Nonostante queste limitazioni, la tecnica è estremamente promettente per pazienti più giovani e quelli affetti da artrosi, con un'età media compresa tra i 50 e 70 anni. Inoltre, può essere impiegata con successo anche in casi selezionati di revisioni protesiche. “L’obiettivo principale è garantire una ripresa il più rapida possibile, permettendo ai pazienti di tornare alle loro attività quotidiane nel giro di poche settimane”, ha aggiunto Corgiat.
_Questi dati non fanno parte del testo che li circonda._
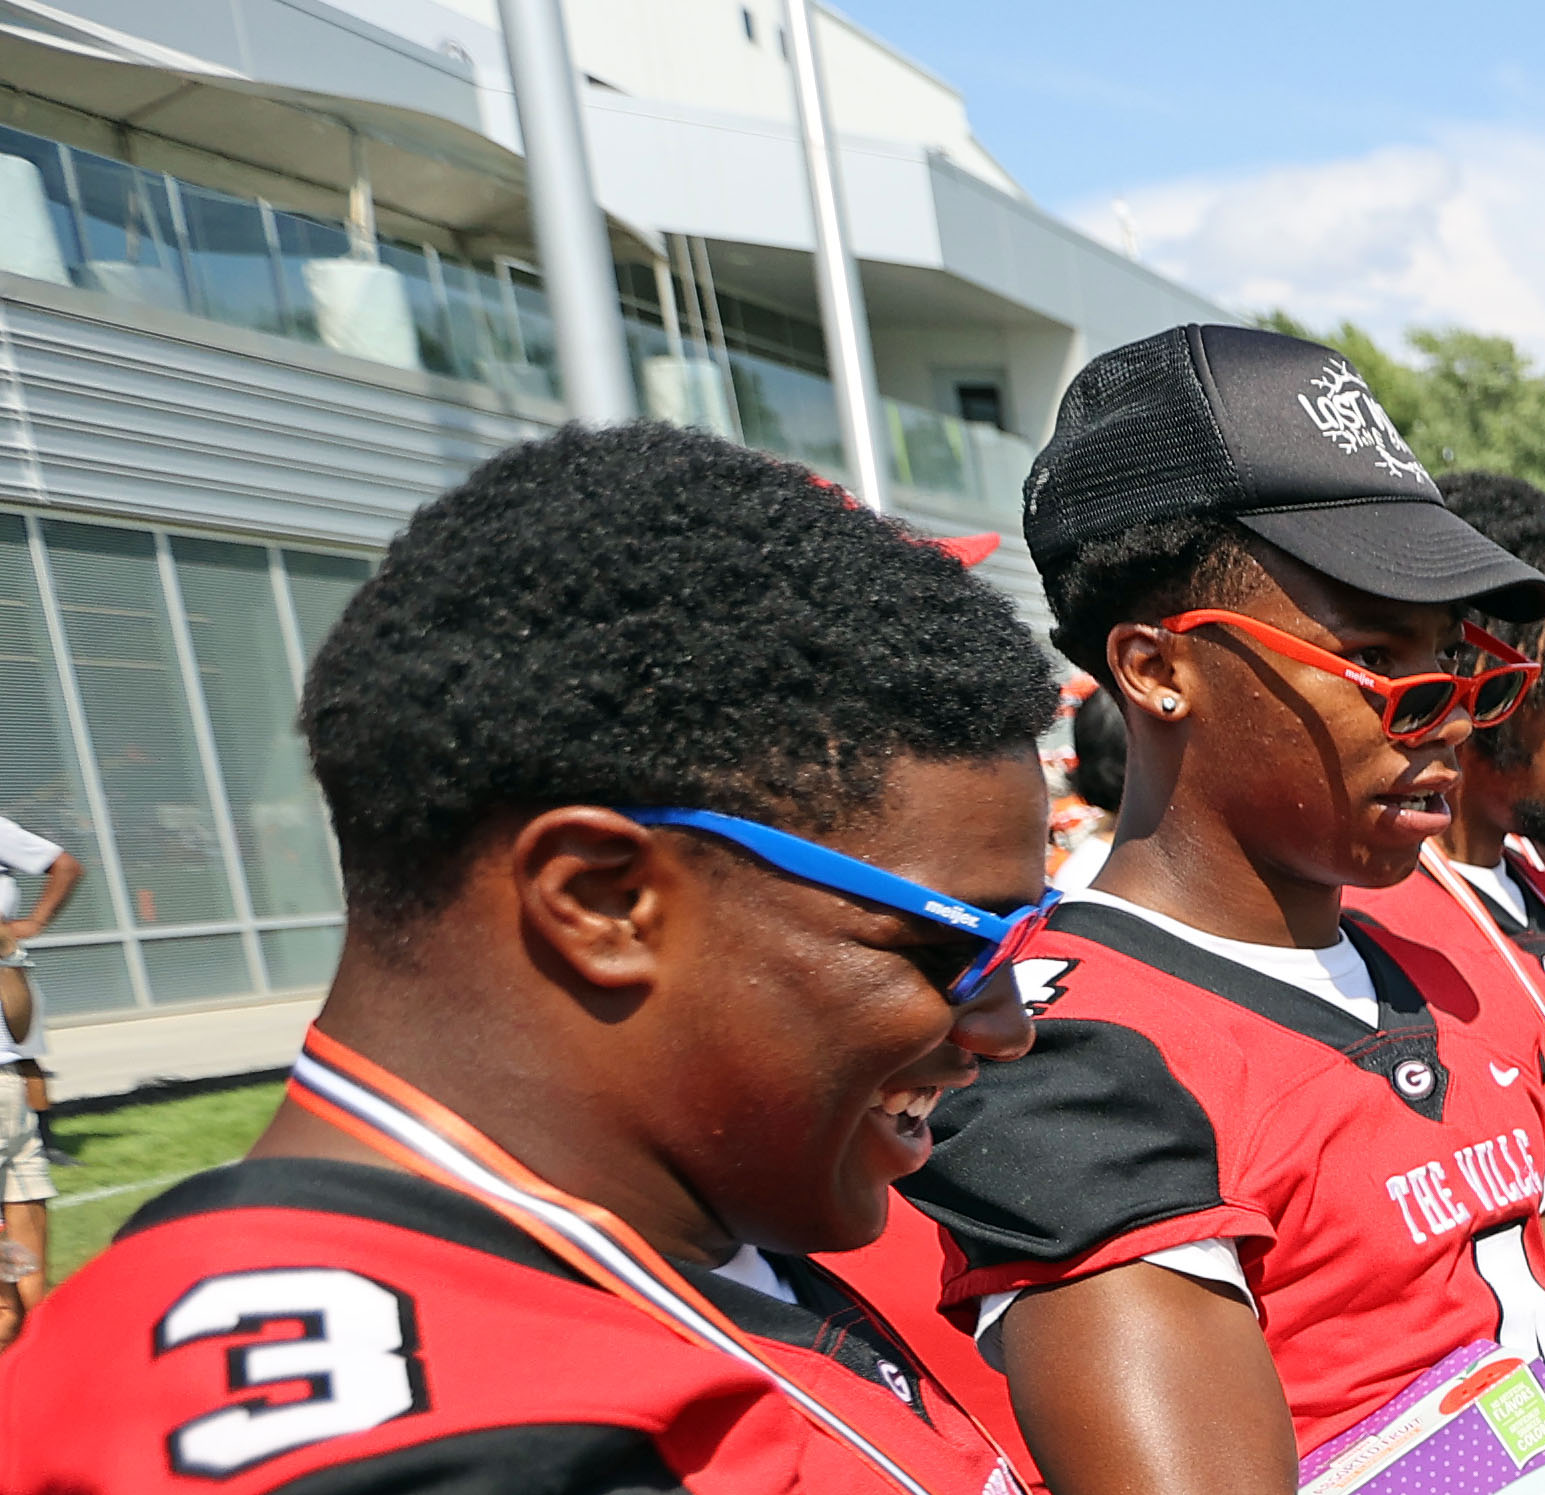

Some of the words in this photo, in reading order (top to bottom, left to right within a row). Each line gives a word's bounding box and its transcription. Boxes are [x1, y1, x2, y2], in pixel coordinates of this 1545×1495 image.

[1297, 390, 1367, 431] LOST
[1386, 1161, 1471, 1245] THE
[1454, 1128, 1543, 1212] VILLE
[152, 1267, 431, 1482] 3
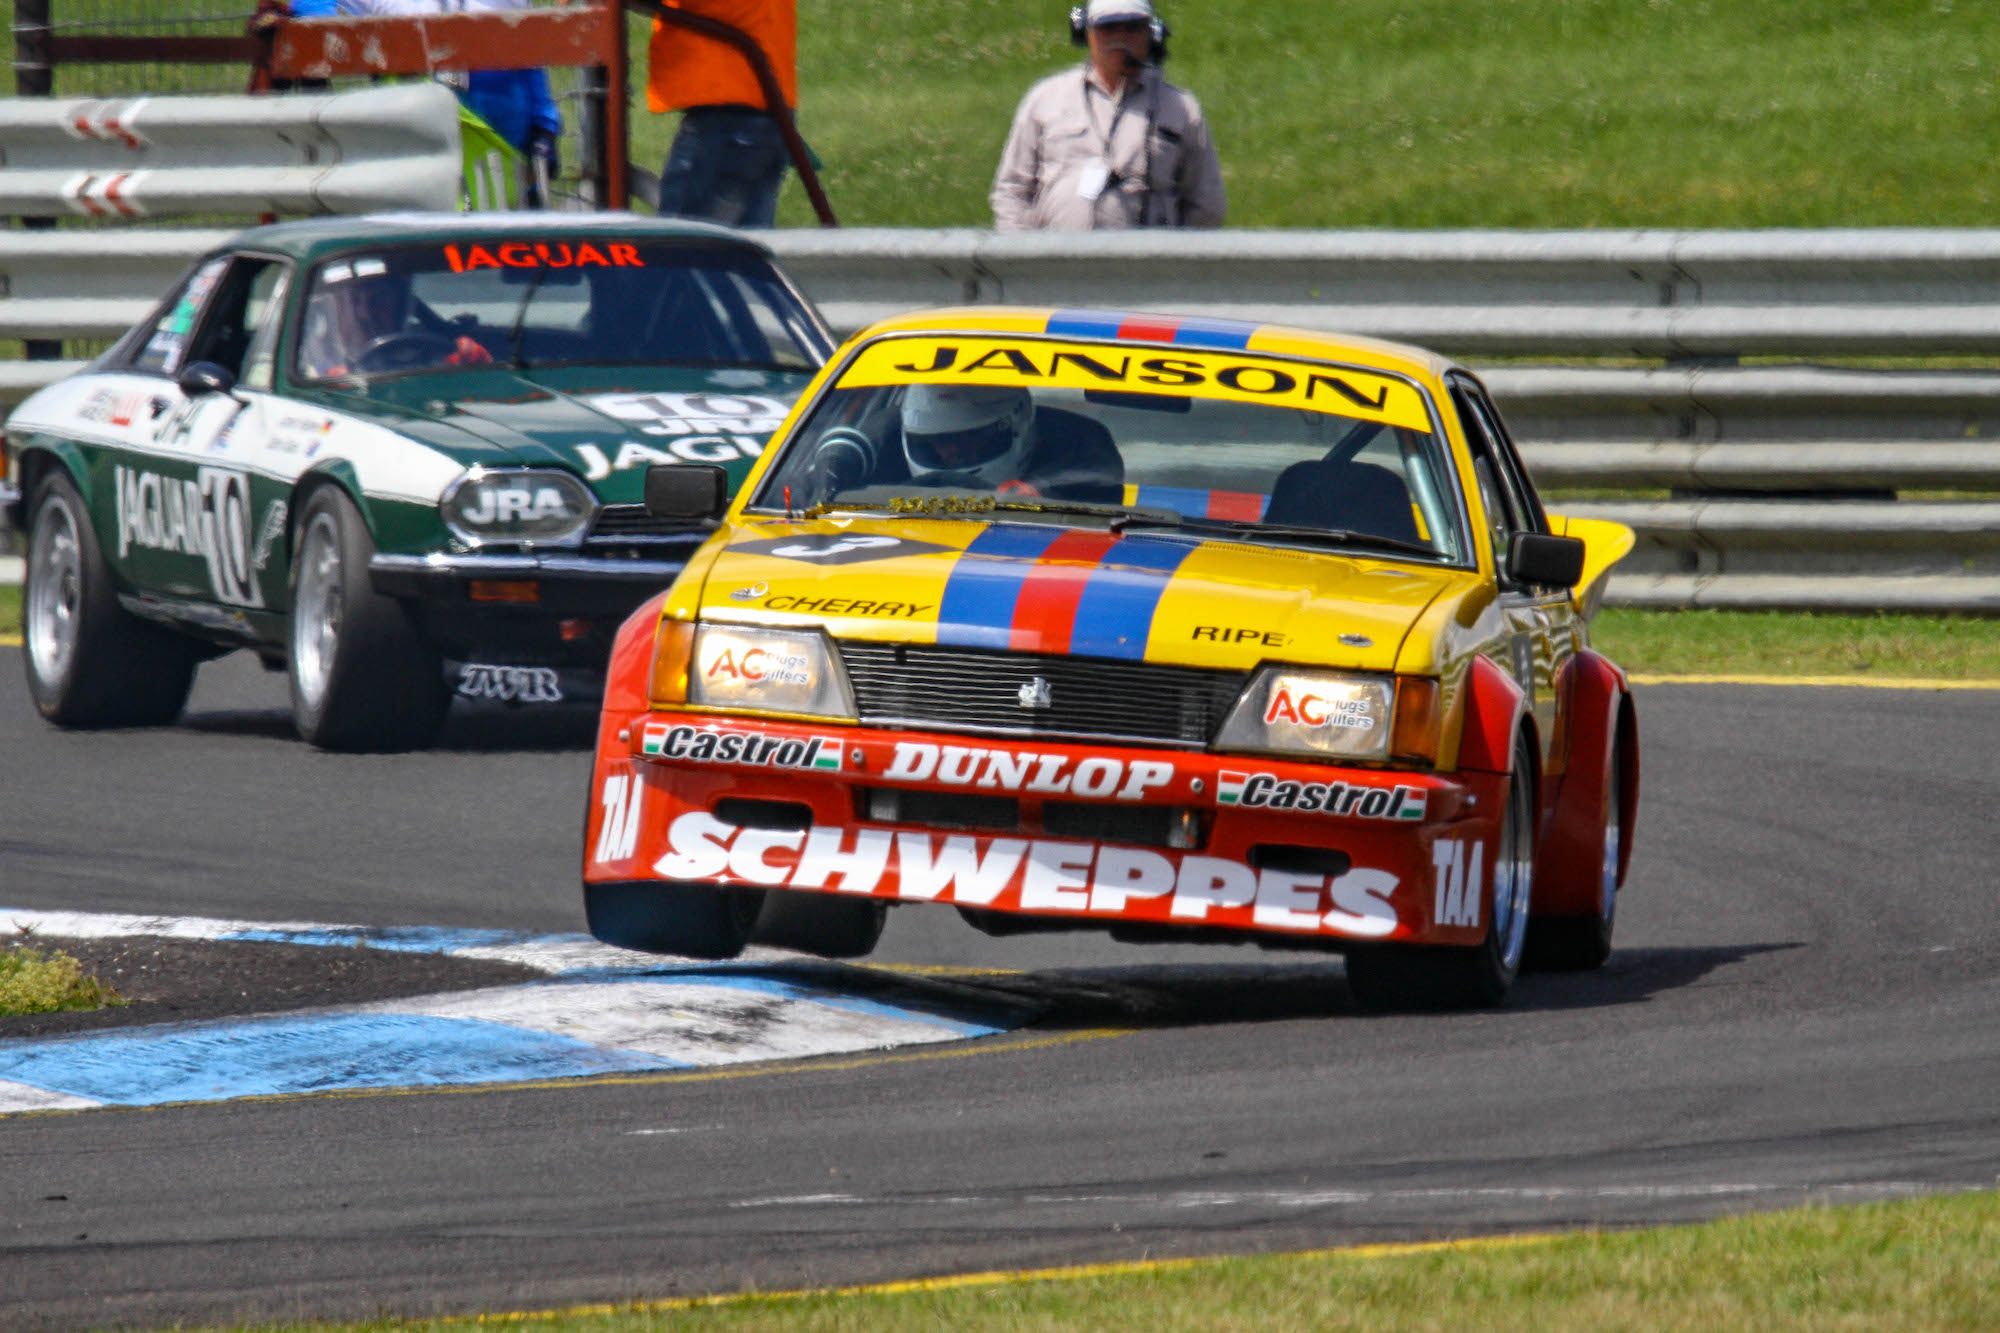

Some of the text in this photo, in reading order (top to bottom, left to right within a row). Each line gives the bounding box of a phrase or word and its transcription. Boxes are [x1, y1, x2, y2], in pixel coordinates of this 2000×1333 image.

Il dottor Marino Caresio, primario del reparto di ortopedia dell'ospedale di Chivasso.

Il reparto di ortopedia dell’ospedale di Chivasso ha consolidato la sua reputazione di eccellenza grazie alla regolare esecuzione di circa 4-5 interventi di protesi d’anca a settimana, utilizzando principalmente la tecnica tradizionale con accesso laterale. A questa prassi consolidata si è ora aggiunta la tecnica mininvasiva con accesso anteriore, che rappresenta un’importante evoluzione per il reparto.

L’introduzione di questa nuova metodica ha ampliato le opzioni chirurgiche, offrendo ai pazienti un’alternativa che riduce il dolore post-operatorio e accelera il recupero. La scelta dell’accesso chirurgico per la protesi all’anca dipende comunque da una valutazione attenta del chirurgo, che considera l’anatomia del paziente, le condizioni dell'articolazione e i possibili rischi di complicazioni. Questo approccio innovativo, utilizzato in casi selezionati, ha migliorato l’efficienza del reparto, incrementando la qualità delle cure e l’esperienza del paziente, senza compromettere sicurezza ed efficacia.